1991 | Die Firma wird bereits am 1. Januar durch die "Friedrich Grohe GmbH & Co." ganz übernommen. Um marktfähig zu sein, schrumpft die Belegschaft auf 260 Mitarbeiter. Eine Gießerei wird aufgebaut, die Dreherei erhält CNC-Maschinen.
1990 | Unter der Firmenbezeichnung "Herzberger Armaturen GmbH" versucht die Firmenleitung mit einem neuen Sortiment aus Messing für Bad und Küche eine Wende im Produktionsprofil und im Absatz zu erreichen. Doch ohne einen starken Kooperationspartner kann das nicht gelingen, dieser wird in der "Friedrich Grohe GmbH & Co." gefunden.
1989 | Mit der deutschen Wiedervereinigung steht die Firma mit 569 Beschäftigten vor dem "Aus". Der wirtschaftliche Markt für Plastarmaturen ist schlagartig zusammengebrochen.
1971 | Ein Großbrand in der Spritzgießabteilung zerstört die gesamte Halle mit den Spritzgießautomaten, die für die Herstellung der Plastarmaturen benötigt werden.
1964 | Bereits 74% der produzierten Armaturen sind aus Plast.
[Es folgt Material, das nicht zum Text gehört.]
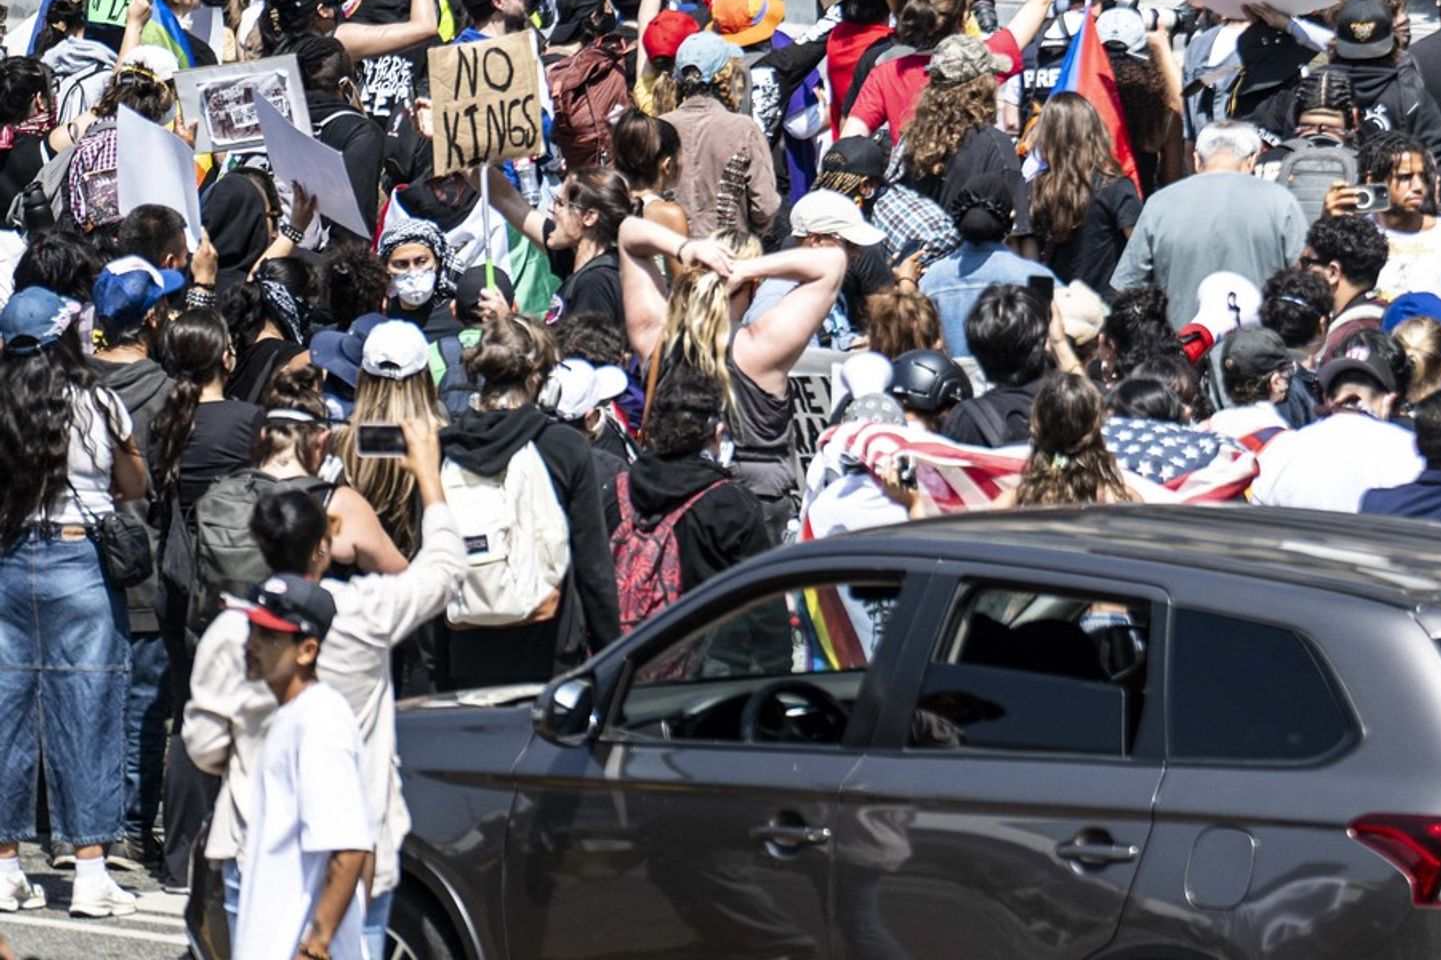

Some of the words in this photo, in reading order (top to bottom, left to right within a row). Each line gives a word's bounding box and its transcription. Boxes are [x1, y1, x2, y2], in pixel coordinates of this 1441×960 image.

[454, 46, 514, 101] NO
[1023, 68, 1062, 89] PRE
[443, 94, 537, 168] KINGS
1955 | Eine staatlich verordnete Bundmetallverbotsliste nötigt den Betrieb dazu, seine Produktionspalette um Plastarmaturen zu erweitern. Den Rohstoff Plast gibt es in großen Mengen und er ist kostengünstig. So kann der große Bedarf an Sanitärarmaturen im Rahmen des Wohnungsbauprogrammes der ehemaligen DDR, zuletzt in den Plattenbausiedlungen, befriedigt werden.
1948 | Mit der Zuordnung zur VVB (Vereinigung Volkeigener Betriebe) erhält der Betrieb den Namen "VEB Sanar Armaturenfabrik Herzberg/Elster". Der Maschinenpark kann langsam erweitert werden, ab 1948 gehören bereits wieder 93 Arbeitskräfte zur Belegschaft.
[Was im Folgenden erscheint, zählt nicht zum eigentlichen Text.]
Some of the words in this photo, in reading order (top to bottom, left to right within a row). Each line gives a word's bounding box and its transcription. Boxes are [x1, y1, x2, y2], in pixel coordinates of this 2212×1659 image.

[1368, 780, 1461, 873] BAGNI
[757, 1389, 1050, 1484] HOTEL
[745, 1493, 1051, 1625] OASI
1946 | Der Wiederaufbau der Produktionsanlagen kann beginnen, es kommt erneut zur Herstellung von Sanitärarmaturen aus Messing. Auf Befehl der Sowjetischen Militärregierung wird das Unternehmen in Volkseigentum überführt und erhält den Namen "Industrie-Werke Sachsen-Anhalt".
1945 | Das Ende des Zweiten Weltkrieges und das Aufeinandertreffen der amerikanischen und russischen Truppen am 25. April 1945 in Torgau bedeuten das Ende der Firma Marx und Moschütz. Der Betrieb wird vollständig demontiert. Da es neben Material nun auch an allen notwendigen Maschinen fehlt, bringen die Arbeiter von zu Hause ihr eigenes Werkzeug mit, um produzieren zu können.
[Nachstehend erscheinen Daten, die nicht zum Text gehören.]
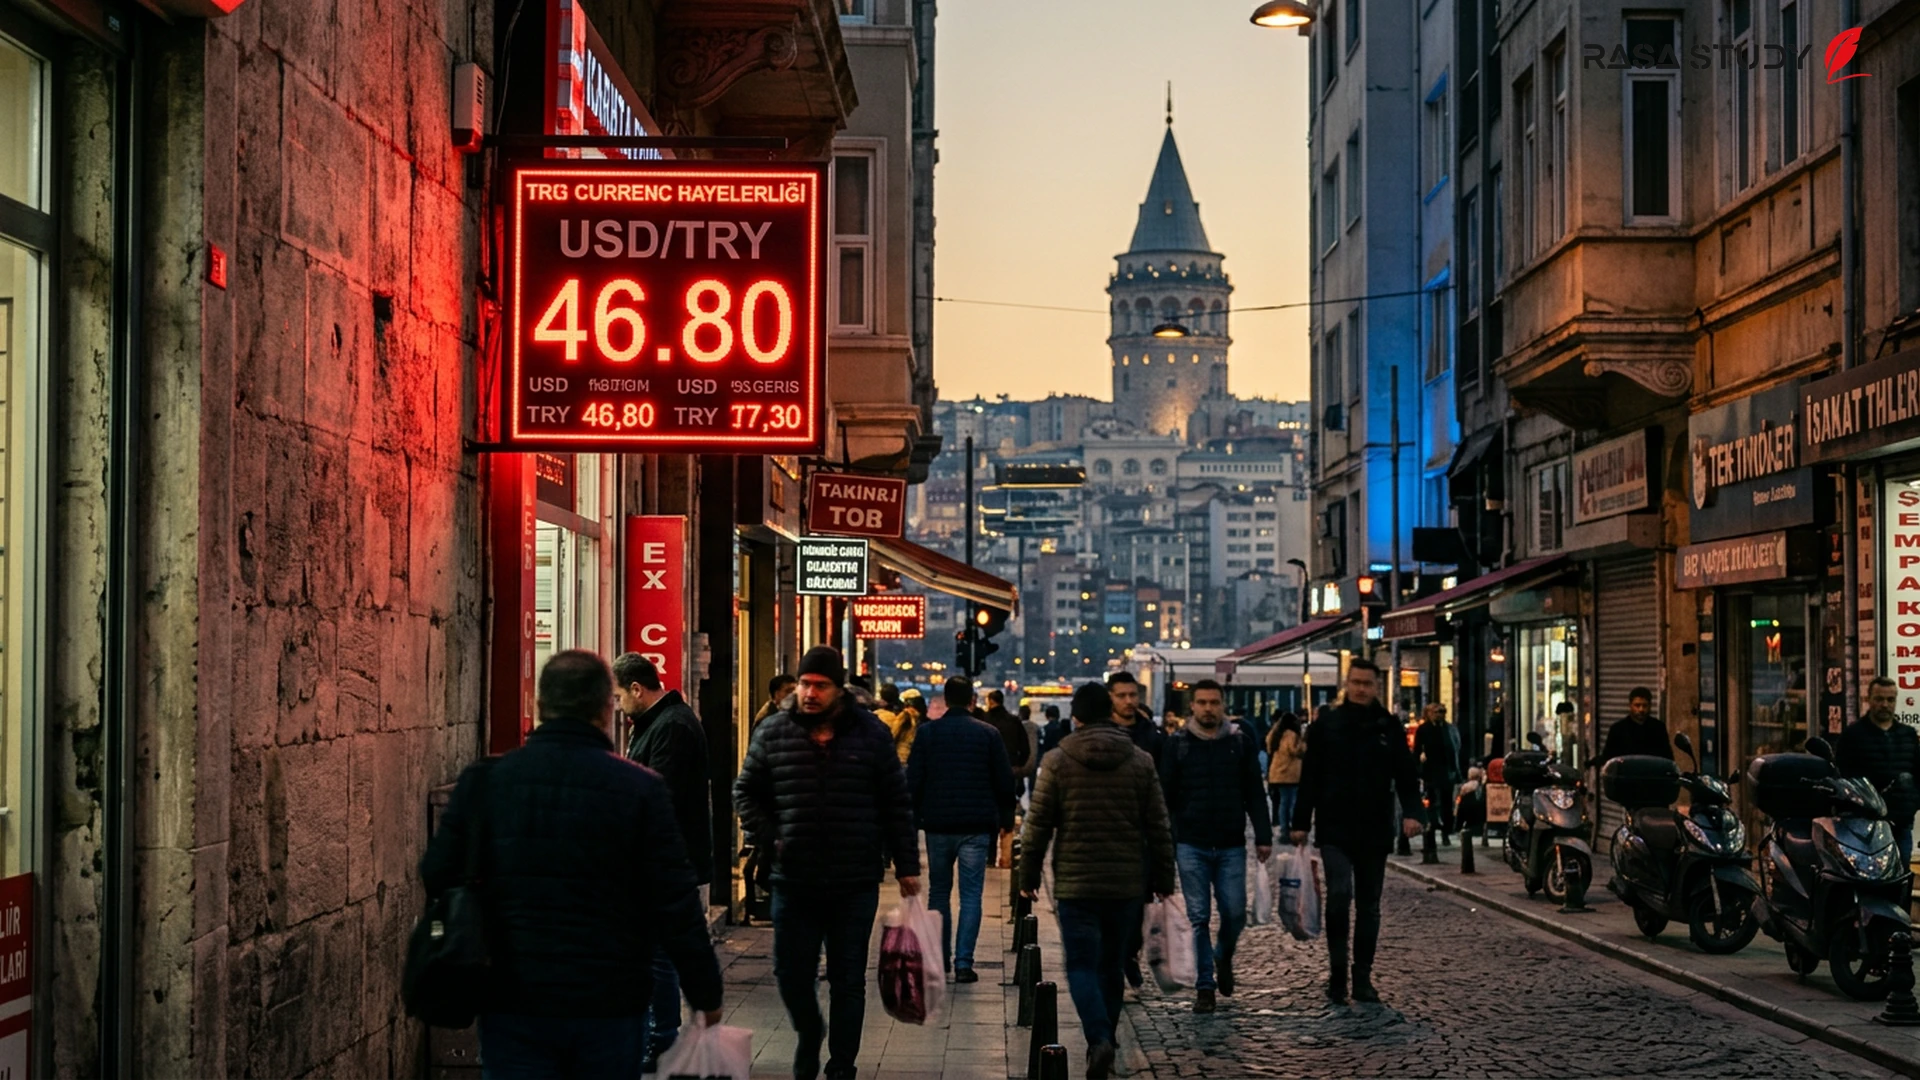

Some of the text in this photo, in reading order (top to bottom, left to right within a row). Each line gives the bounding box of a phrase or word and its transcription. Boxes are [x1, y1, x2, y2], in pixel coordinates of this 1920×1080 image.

1930 | Auf die Bildung einer Kommanditgesellschaft folgt ab 1935 die Umstellung des Sortiments zu einem Drittel auf Rüstungsgüter.
1927 | Nach Weltkrieg und der Währungsreform von 1924 stabilisieren sich die Geschäfte wieder. Es kommt zur Gründung von Zweigniederlassungen in Hannover, Leipzig und Torgau.
1900 | Gründung der Gelbgießerei und Armaturenfabrik durch Carl Marx und Otto Moschütz am 18. April in Herzberg. Ab 1905 — geführt von Wilhelm Marx als alleiniger Inhaber — setzt sich die verheißungsvolle Entwicklung der Firma fort und so werden bereits 1906 ca. 130 Arbeiter beschäftigt. Hergestellt werden in der Hauptsache Wasser-, Gas- und Dampfarmaturen.